The water flow rate through the borehole (Q) is computed using the following analytical expression:

Q = f(\mathbf{x}) = \frac{2\pi T_u (H_u - H_l)}{\ln{(r/r_w)} \left[1 + \frac{2 L T_u}{\ln{(r/rw)} r_w^2 K_w} + \frac{T_u}{T_l}\right]},

where \mathbf{x} = \{r_w, r, T_u, H_u, T_l, H_l, L, K_w \}​ is the vector of input variables defined below. The configuration of the scenario of the water flow is illustrated in Figure 1.

Figure 1: Illustration for the water flow through a borehole, adapted from Harper and Gupta (1983).

## Inputs

For metamodeling applications (Morris et al., 1993; An and Owen, 2001; Kersaudy et al., 2015), the eight input variables of the borehole function are modeled as independent uniform random variables with specified ranges shown in the table below.

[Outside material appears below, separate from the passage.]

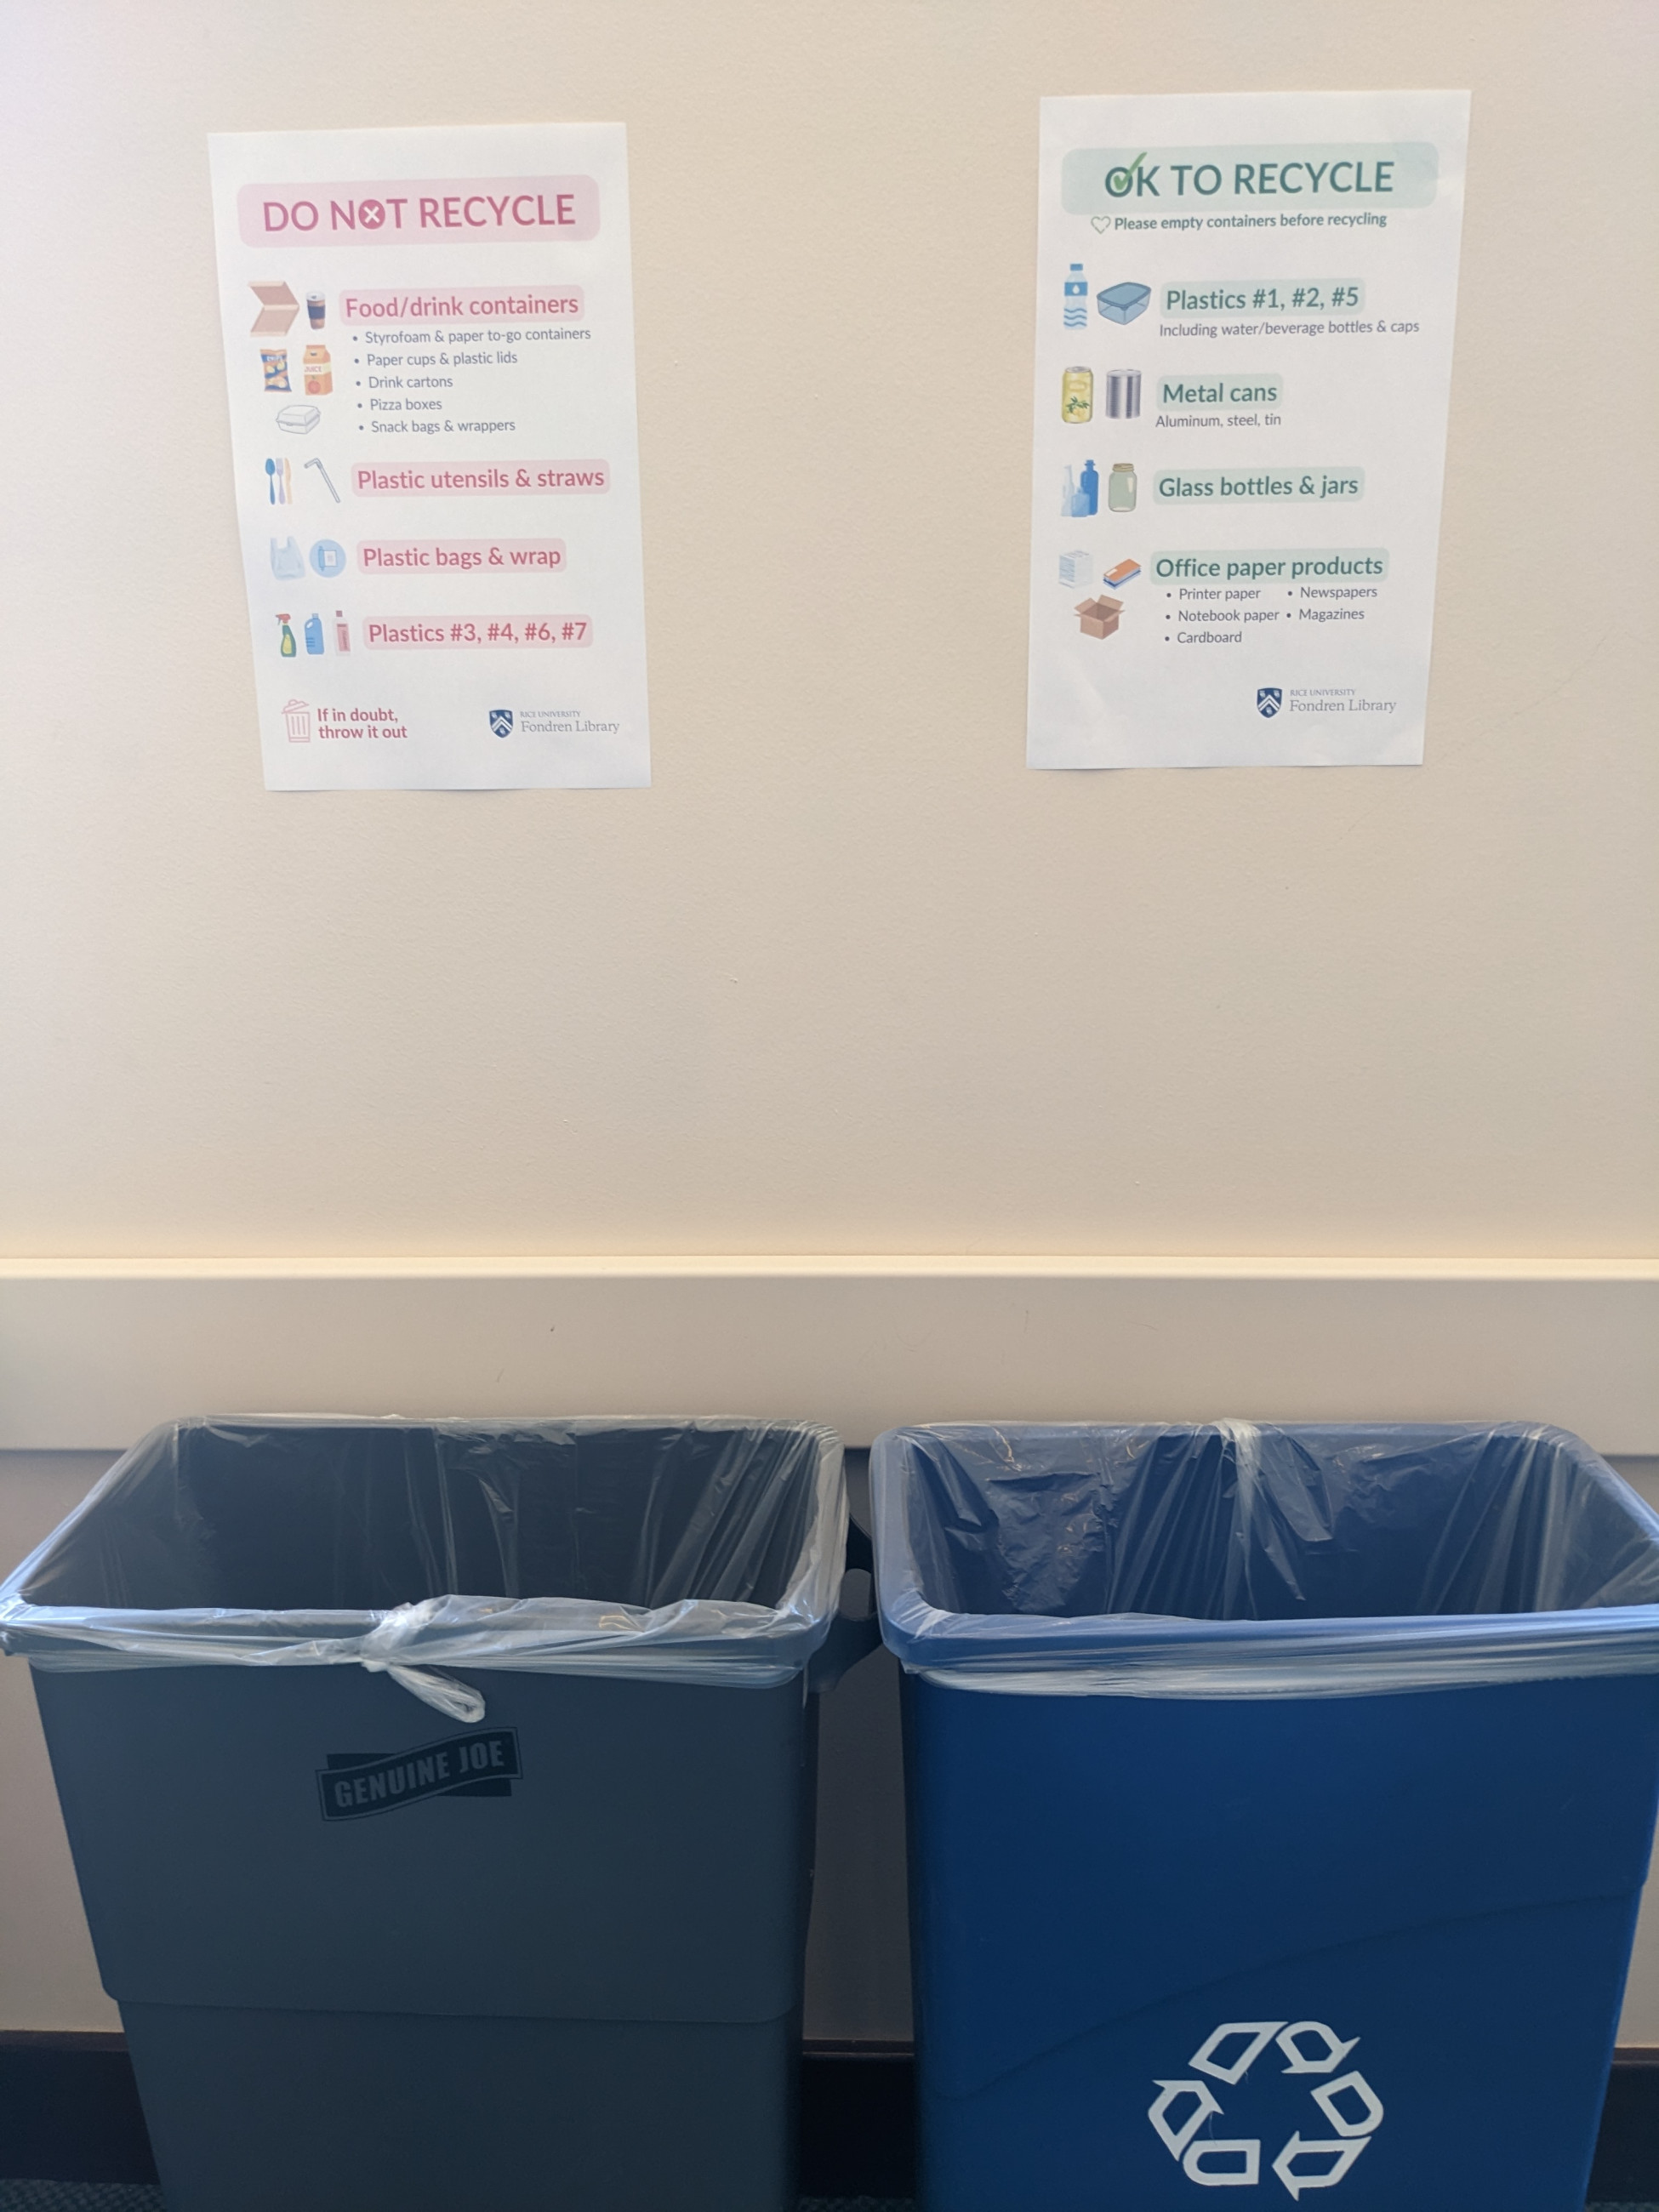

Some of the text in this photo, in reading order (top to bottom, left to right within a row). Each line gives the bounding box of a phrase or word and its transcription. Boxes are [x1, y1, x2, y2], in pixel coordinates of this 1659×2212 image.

No Variable Description Distribution Parameters
1 r_w Radius of borehole [\text{m}] Uniform [0.05, \, 0.15]
2 r Radius of influence [\text{m}] Uniform [100, \, 50{,}000]
3 T_u Transmissivity of upper aquifer [\text{m}^2/\text{year}] Uniform [63{,}070, \, 115{,}600]
4 H_u Potentiometric head of upper aquifer [\text{m}] Uniform [990, \, 1{,}100]
5 T_l Transmissivity of lower aquifer [\text{m}^2/\text{year}] Uniform [63.1, \, 116]
6 H_l Potentiometric head of lower aquifer [\text{m}] Uniform [700, \, 820]
7 L Length of borehole [\text{m}] Uniform [1{,}120, \, 1{,}680]
8 K_w Hydraulic conductivity of borehole [\text{m}/\text{year}] Uniform [9{,}885, \, 12{,}045]

Other literature (e.g., Harper and Gupta, 1983) put alternative distributions on the variables r_w and r (while leaving the other distributions unchanged) as shown in the table below.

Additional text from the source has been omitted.